Summary: Victoria is virtually a prisoner in Kensington Palace. Her mother and her mother's chamberlain, Sir John Conroy, are her guards. They will not allow her to associate with anyone that has not been thoroughly and critically checked to make sure Victoria is not made harmed by their very presence.Even her governesses are under scrutiny. She is not even allowed to be alone! Someone must always be with her. Her only hope is in contemplating her coming of age, whereupon she may be free and able to take her "Uncle King's" crown without her dreaded captures taking regency. Her best friends are her "dear" sister Feodora, married and living in Germany; her Uncle Leopold, her cousin-in-law and uncle as well as King of the Belgians; Lehzen, her faithful governess; the King and Queen, whom she is rarely allowed to see; and her cousins that she is also rarely allowed to see. She has scheming uncles trying to usurp her right to the throne, and family fighting over her. Every day she comes closer to her dream of adulthood, and her guards' despair at loss of power.
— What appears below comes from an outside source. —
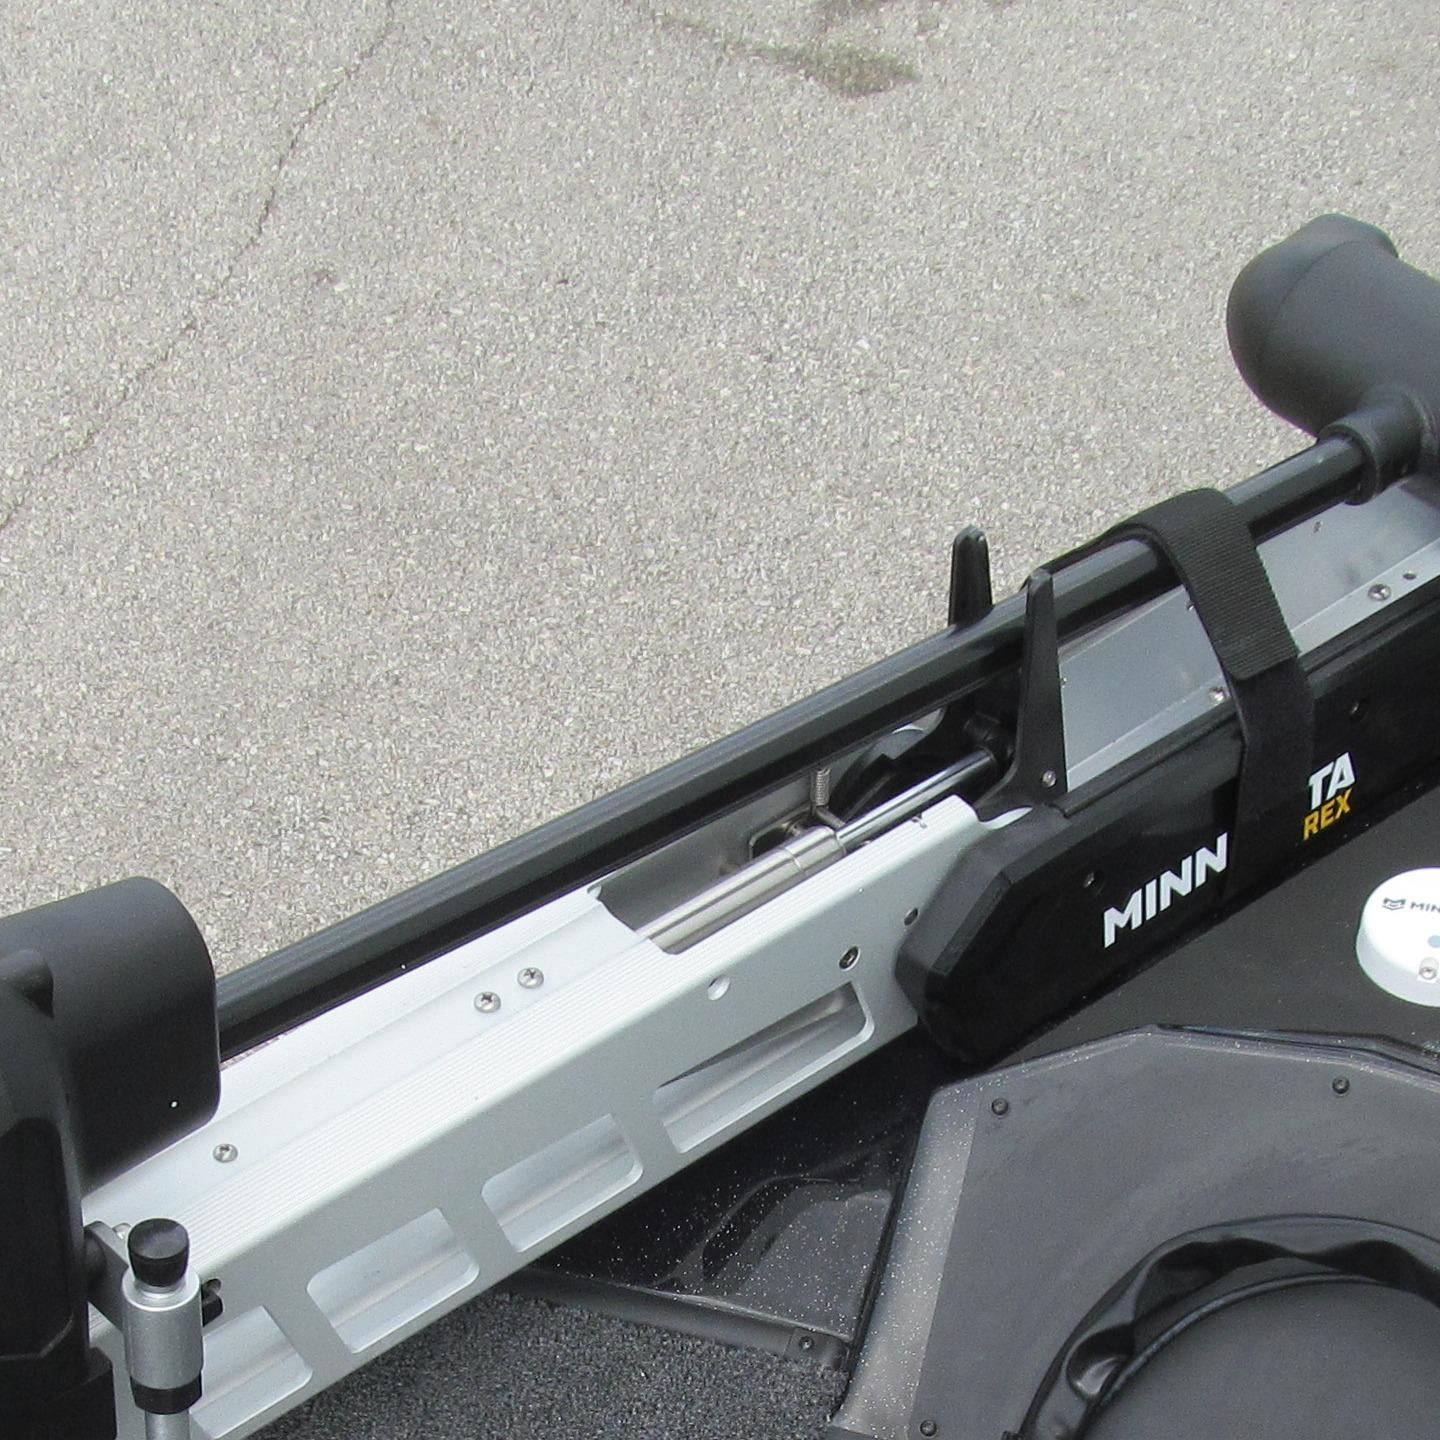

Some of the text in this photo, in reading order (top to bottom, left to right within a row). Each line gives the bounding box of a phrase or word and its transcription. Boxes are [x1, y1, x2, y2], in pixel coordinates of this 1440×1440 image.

[1104, 752, 1355, 948] MINN TA
[1303, 789, 1352, 841] REX
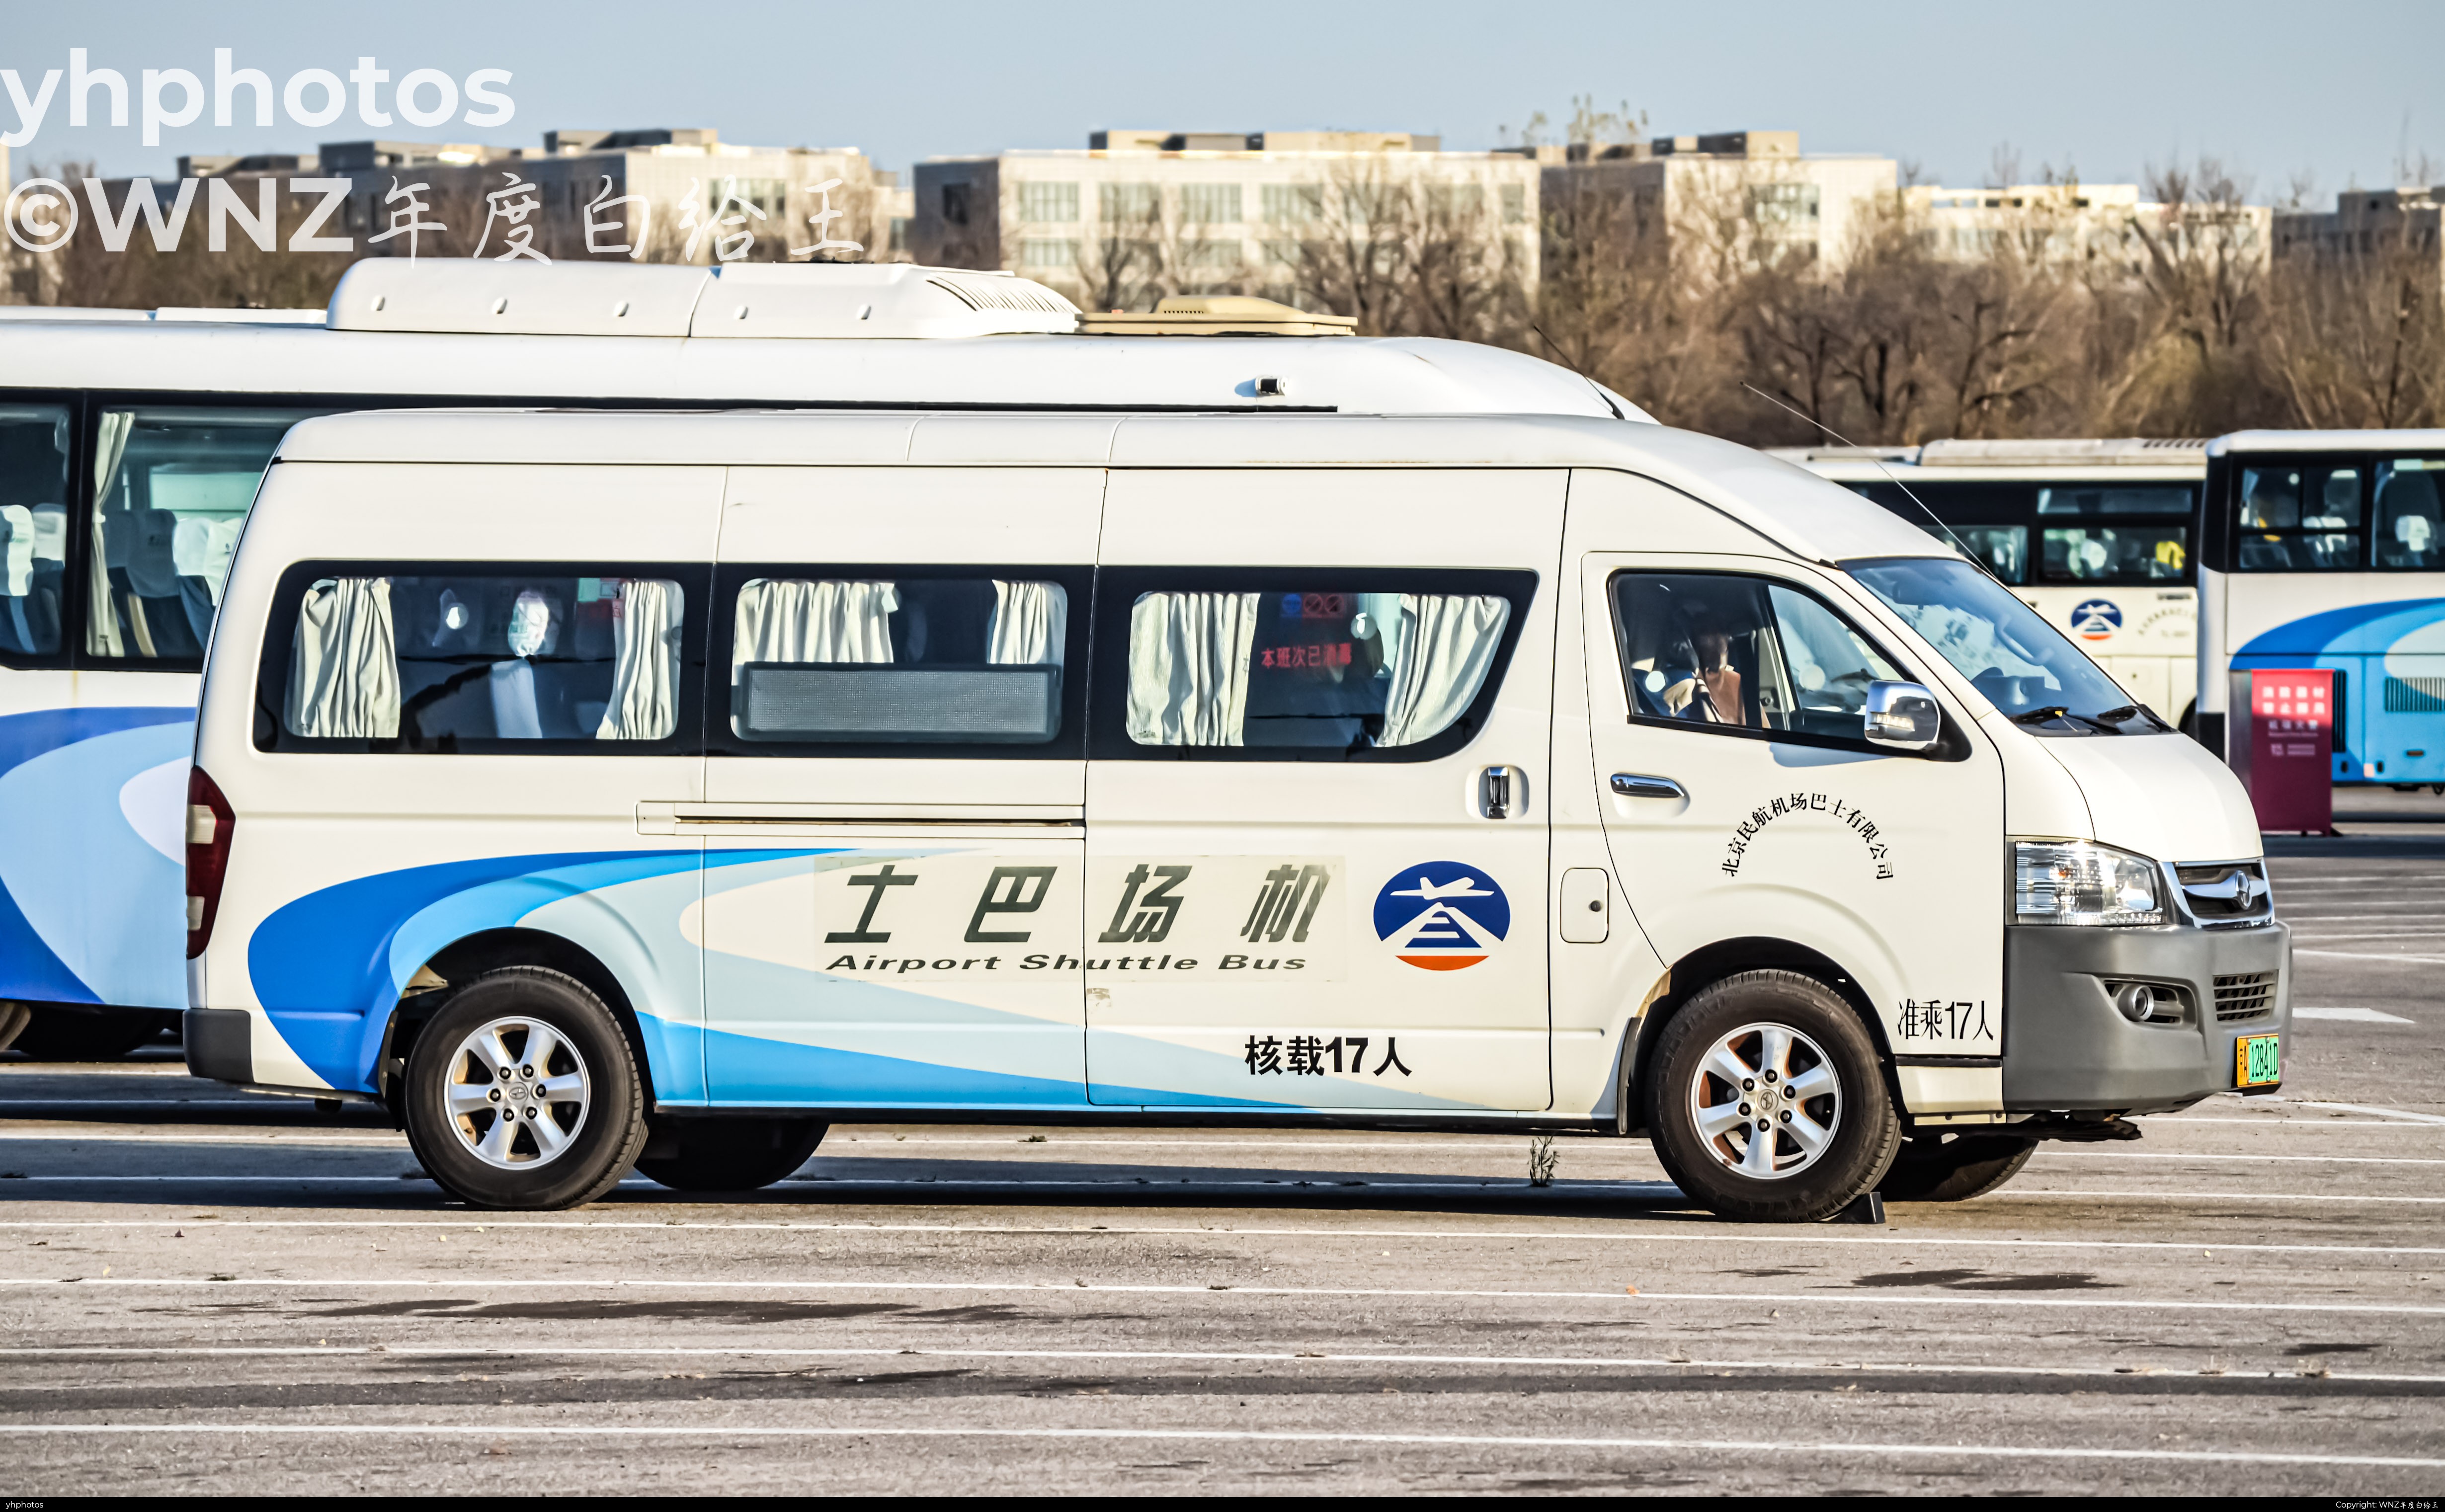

Review: A slow and surprisingly boring historical fiction book about Queen Victoria.

I had never read a book about Queen Victoria before and I thought it would be interesting to read one, especially since I am a fan of both fiction and non-fiction about the monarchy. Unfortunately, this book was boring and took me a long time to read. I know historical fiction always twists the facts a little, but Queen Victoria's story certainly sounds like an interesting one. I will most definitely pick up another book about Queen Victoria, preferably a non-fiction book to start off with. 

I know that there had to be a contrast between Victoria, who was the hero, his mother and Conroy, who are the bad guys, and Uncle Leopold, whom Victoria adored. It was too much of a contrast. Leopold could do no wrong and her mother and Conroy were evil. It was a little much. Victoria starts to dislike her mother and makes some good, informed decision, but still believes and follows everything Leopold says even though he is manipulating her more than her mother. I might read the second book to see how Victoria handles being queen. I hope she learns the truth about her precious Uncle Leopold. 


Recommendation: I would recommend this book to those that enjoy historical fiction about queens or about Queen Victoria specifically.